▸ About this task: Without reproducing any picture, copy the records word for word.
Data provided Block Start
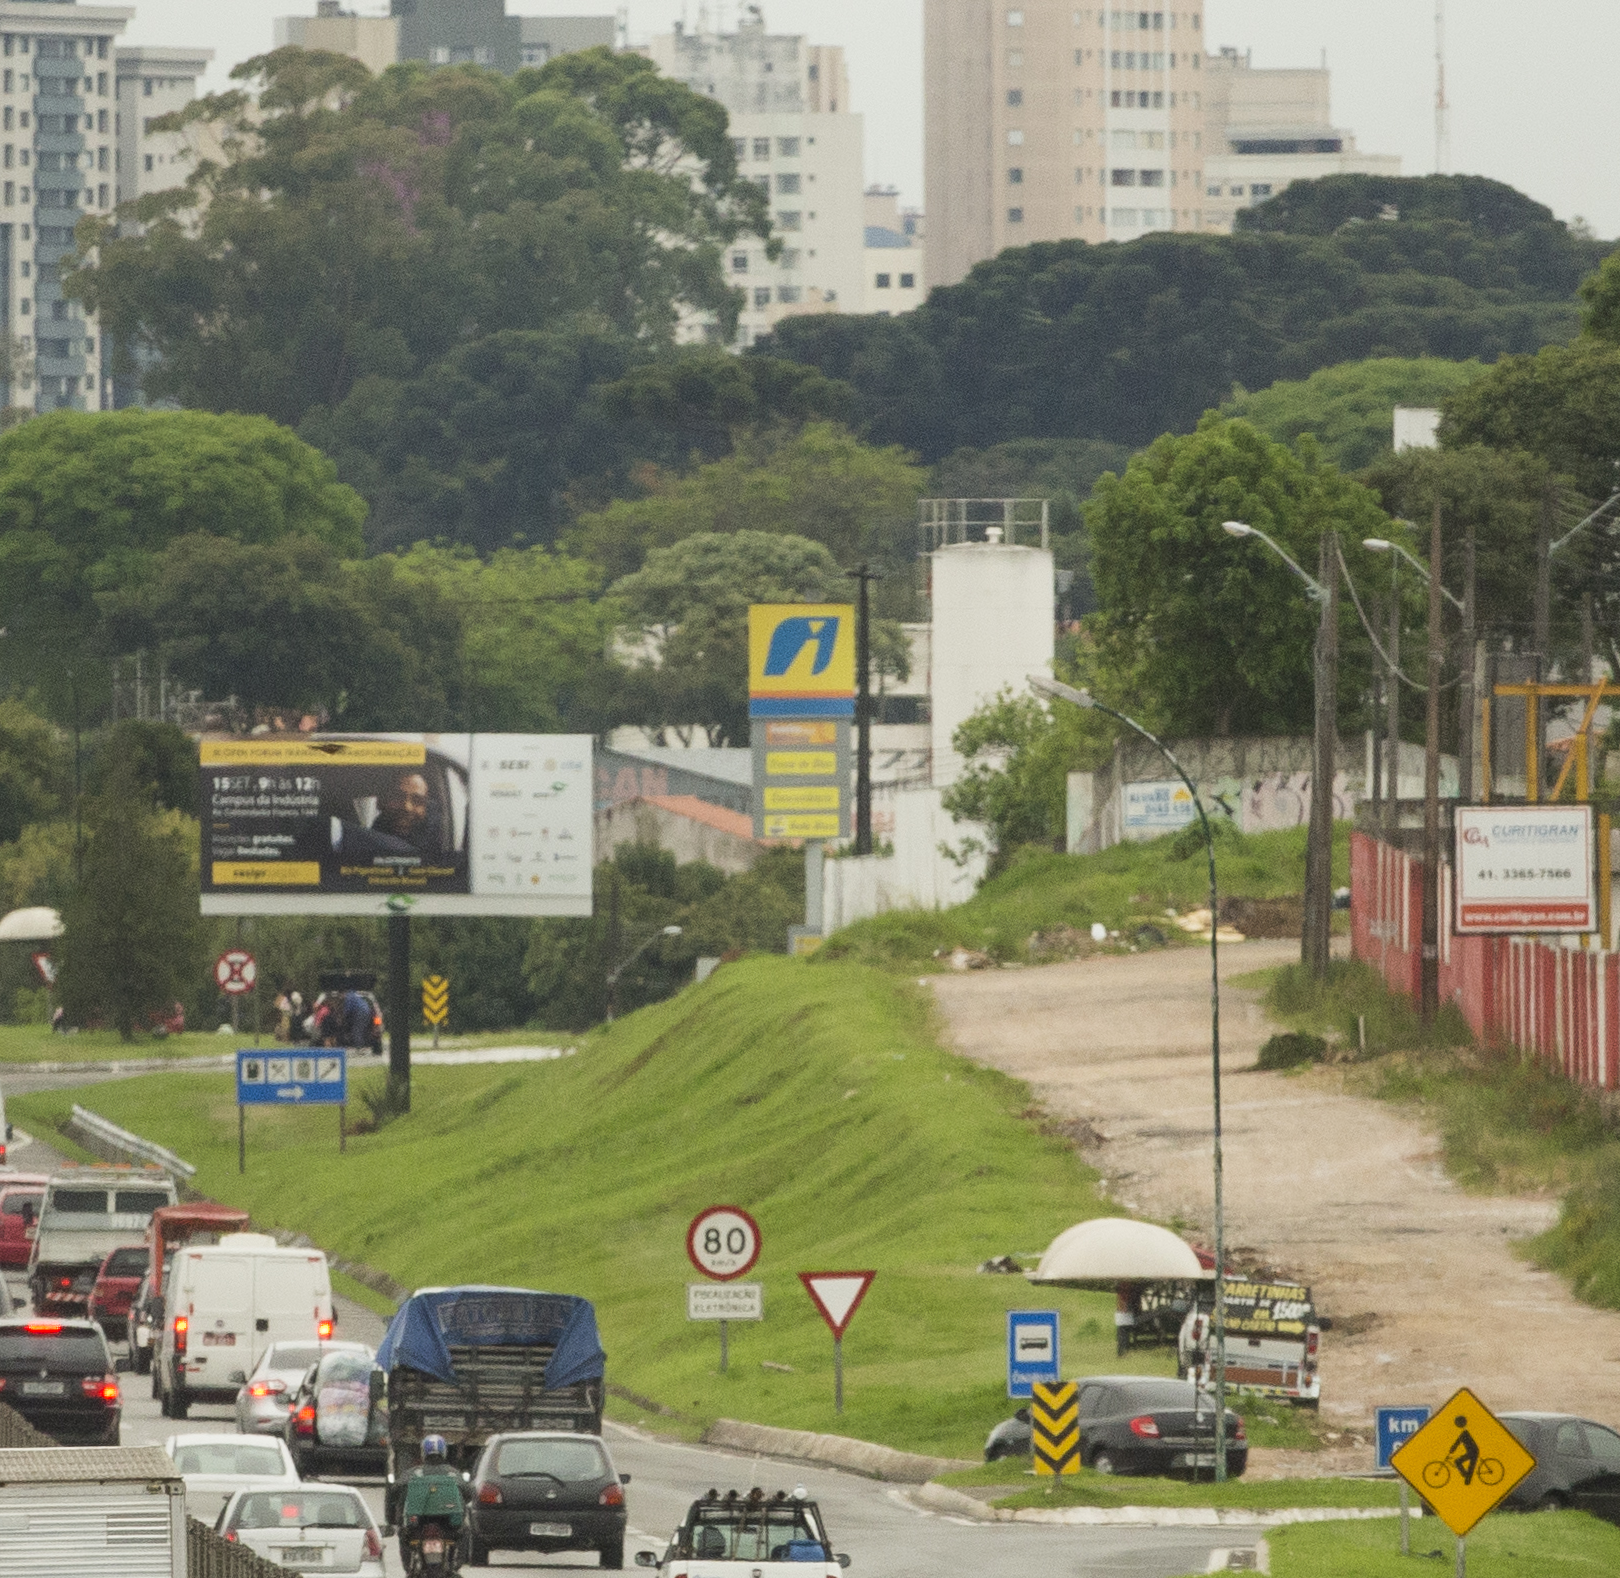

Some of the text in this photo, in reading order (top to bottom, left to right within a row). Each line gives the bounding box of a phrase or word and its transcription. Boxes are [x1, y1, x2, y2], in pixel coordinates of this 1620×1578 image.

[1492, 824, 1580, 837] CURITIGRAN
[704, 1227, 746, 1255] 80
[693, 1289, 758, 1300] FISCALIZAÇÃO
[693, 1301, 757, 1313] ELETRÔNICA
[1388, 1416, 1419, 1434] km
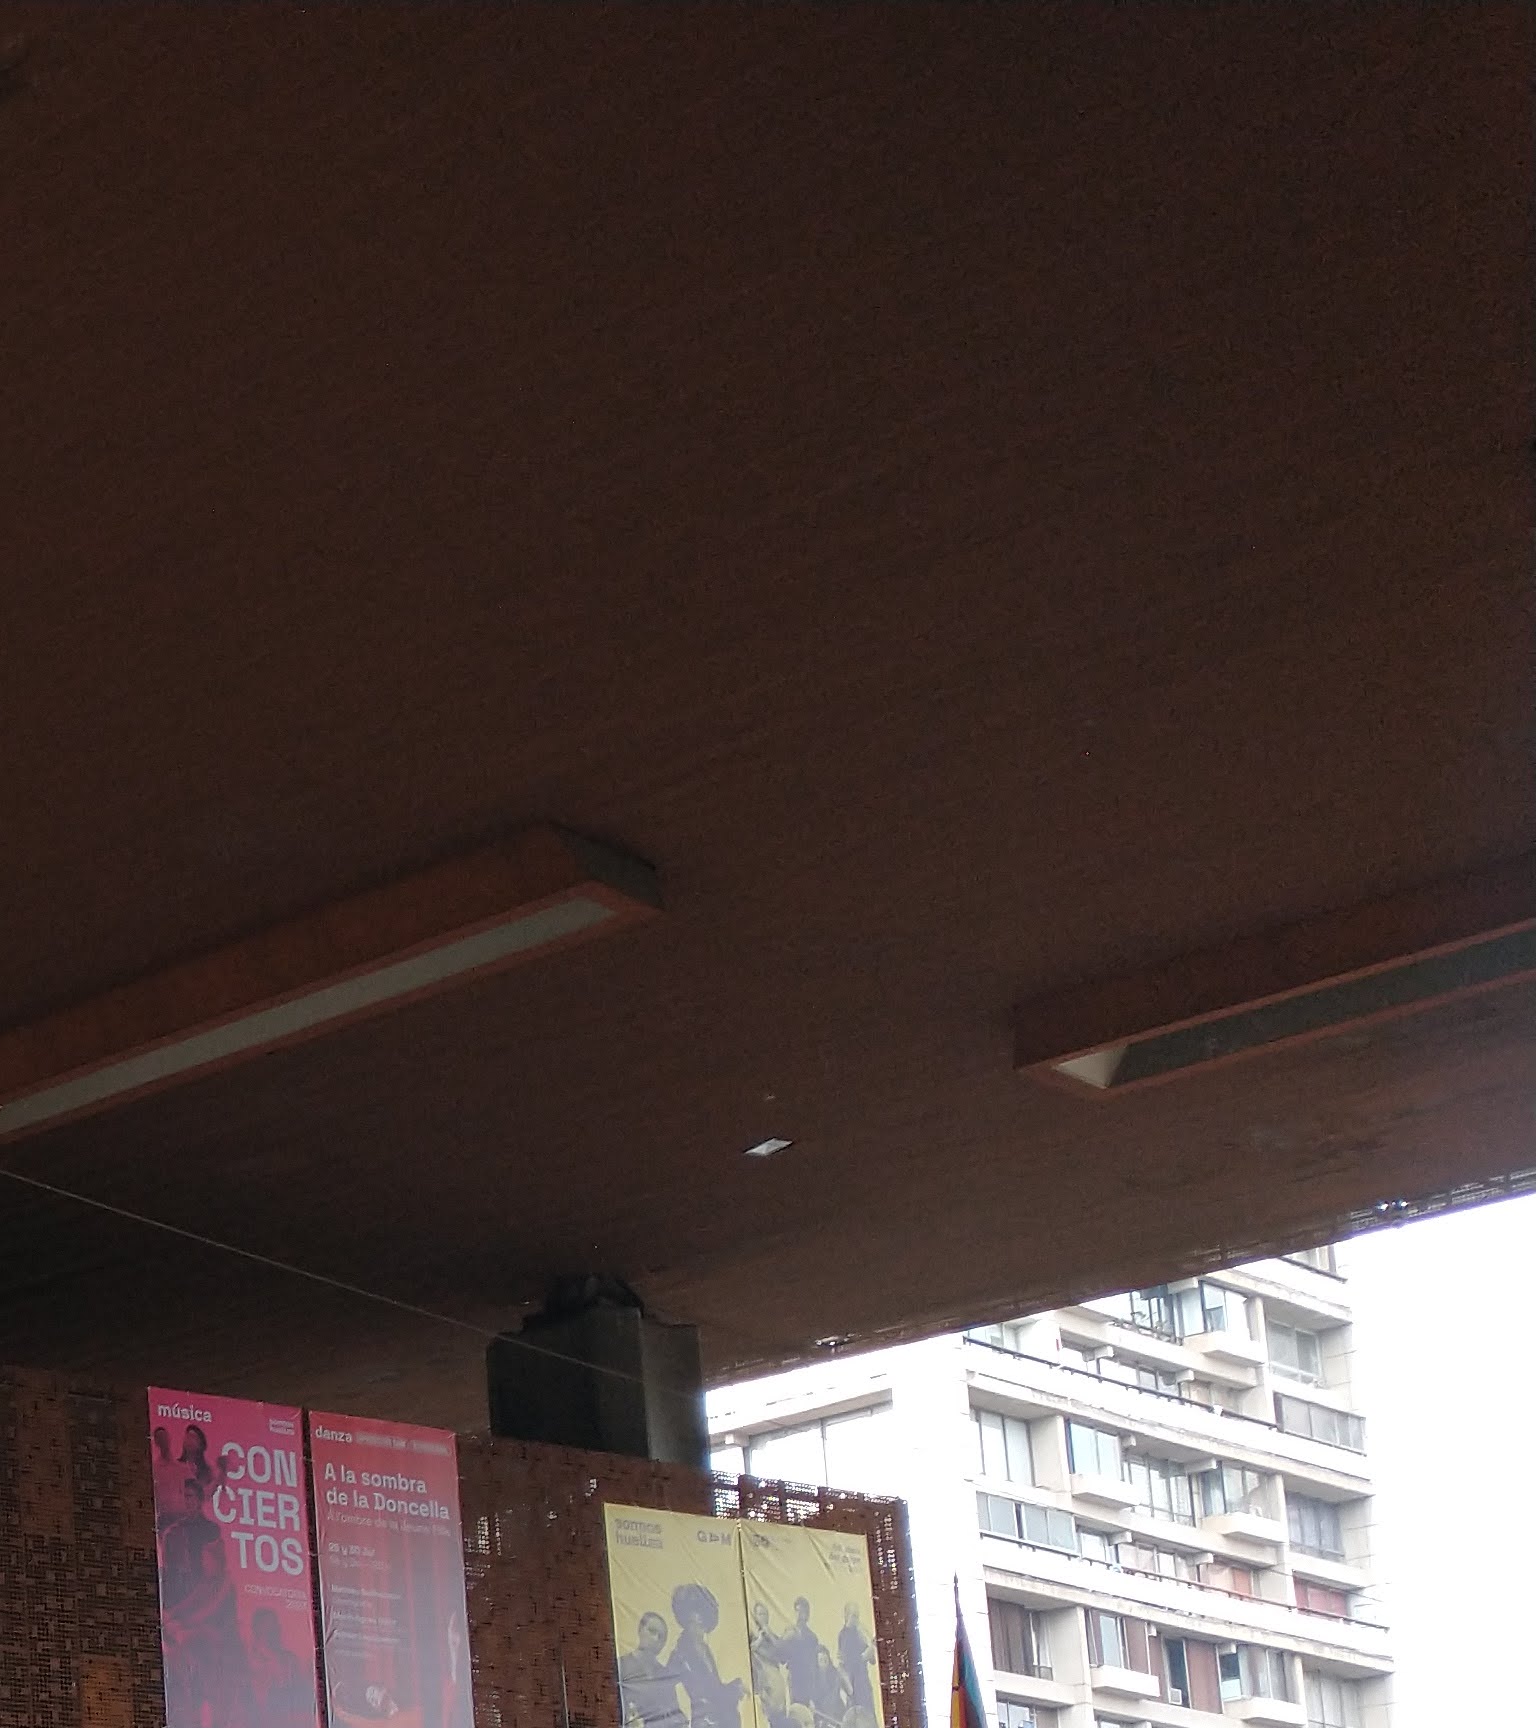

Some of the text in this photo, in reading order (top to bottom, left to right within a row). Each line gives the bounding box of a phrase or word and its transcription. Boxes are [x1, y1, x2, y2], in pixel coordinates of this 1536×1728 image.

[158, 1404, 212, 1422] música
[316, 1425, 352, 1443] danza
[222, 1442, 297, 1488] CON
[324, 1463, 427, 1494] A la sombra
[213, 1485, 300, 1532] CIER
[326, 1487, 450, 1520] de la Doncella
[231, 1531, 304, 1576] TOS
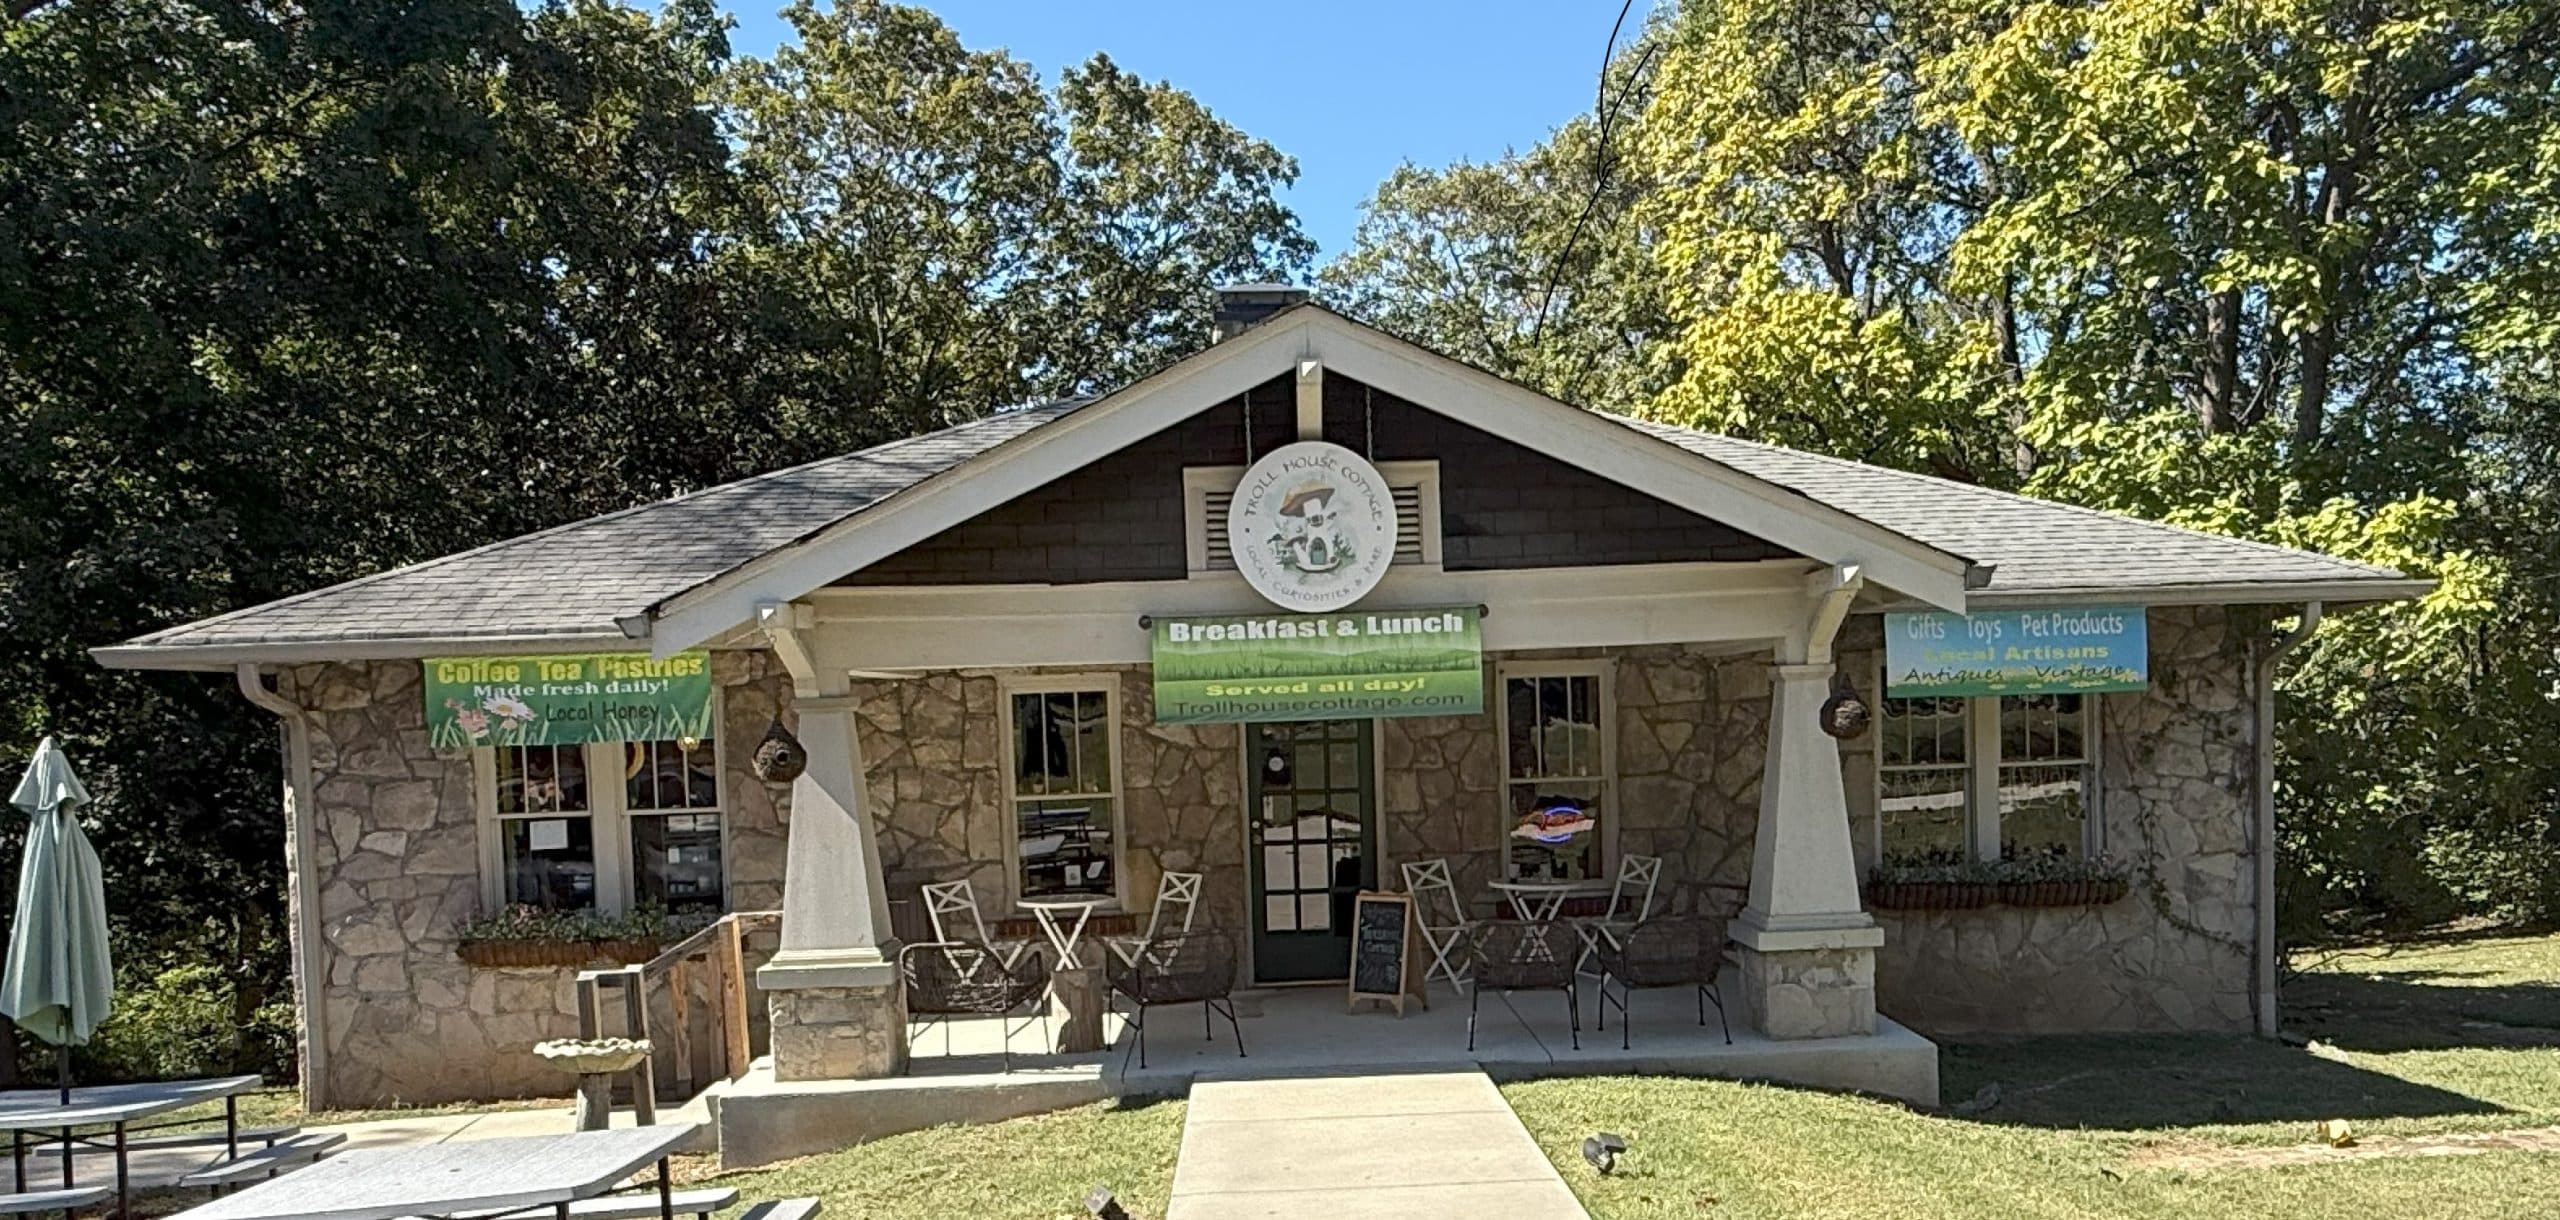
Data provided Block End
▸ Exercise output:
Some of the text in this photo, in reading order (top to bottom, left to right within a row). Each line gives the bounding box of a phrase or word and its transcription. Boxes are [x1, y1, x2, y2], in pixel coordinates of this 1620×1578 image.

[1492, 824, 1580, 837] CURITIGRAN
[704, 1227, 746, 1255] 80
[693, 1289, 758, 1300] FISCALIZAÇÃO
[693, 1301, 757, 1313] ELETRÔNICA
[1388, 1416, 1419, 1434] km

Some of the text in this photo, in reading order (top to bottom, left to right within a row). Each line gives the bounding box of a phrase or word and its transcription. Boxes are [x1, y1, x2, y2], in pixel coordinates of this 1536×1728 image.

[158, 1404, 212, 1422] música
[316, 1425, 352, 1443] danza
[222, 1442, 297, 1488] CON
[324, 1463, 427, 1494] A la sombra
[213, 1485, 300, 1532] CIER
[326, 1487, 450, 1520] de la Doncella
[231, 1531, 304, 1576] TOS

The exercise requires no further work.